GCP 60 – 65 | Global Citizenship Program

Now in its 11th year, the Global Citizenship Program expanded to two sessions for college and university faculty and administrators – Education for Global Citizenship: What, Why, and How? – in addition to the four annual student-focused sessions. The year also saw the launch of the Global Citizenship Institute at St Mark’s School in Massachusetts, USA. The school, a partner since 2011 and the first high school to send teachers to the college-focused GCP, held a week-long program for high school students, drawing heavily on the Salzburg Global model and with support from GCP staff and faculty.

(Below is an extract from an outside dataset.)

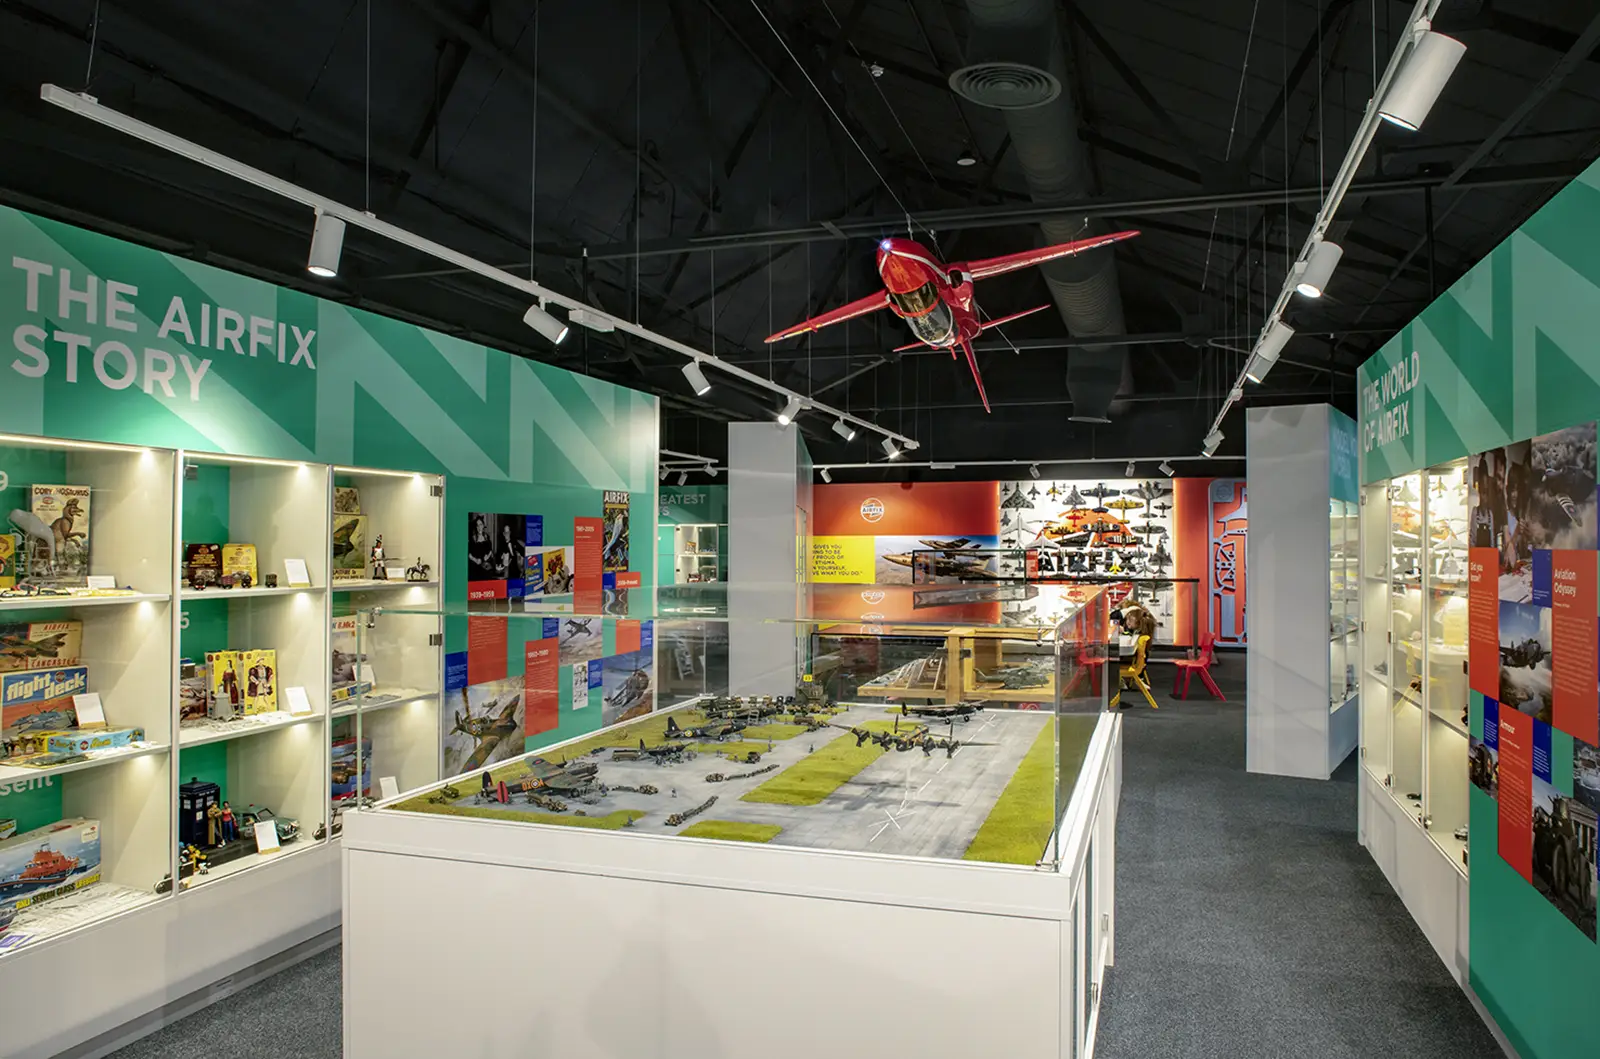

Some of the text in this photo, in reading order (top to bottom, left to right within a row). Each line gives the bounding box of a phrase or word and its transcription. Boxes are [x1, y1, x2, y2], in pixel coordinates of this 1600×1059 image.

Cutler Lecture | Lloyd N. Cutler Lecture On The Rule Of Law

Hosted by Associate Justice of the US Supreme Court and Salzburg Global Fellow, Ruth Bader Ginsburg, the fifth annual Lloyd N. Cutler Lecture on the Rule of Law was delivered in November at the US Supreme Court by Google Executive Chairman, Eric E. Schmidt. The following morning, Salzburg Global presented a special program at the National Public Radio (NPR) Headquarters on the “right to be forgotten,” which examined why Europeans and Americans have different views of privacy and whether internet regulation 

can be reconciled across borders. One well-placed member of the audience said it was “the most illuminating treatment of this subject I have heard or read.”


SSASA 12 | Salzburg Seminar American Studies Association 

At the September session Defining America: New Writing, New Voices, New Directions, novelists, professors and Ph.D. students sought to find the “new" in American literature, from new diverse voices to new publishing platforms. Writer Karen Tei Yamashita warned of the growing “Asian cyborg” stereotype in Western writing; Professor Mary Pat Brady presented poetry written by victims of the US border crisis; publisher Julia Kostova heralded an era of digital and print coexistence; while academic Christopher Bigsby posited that there’s nothing new in American literature – the truly new writing is in screenwriting.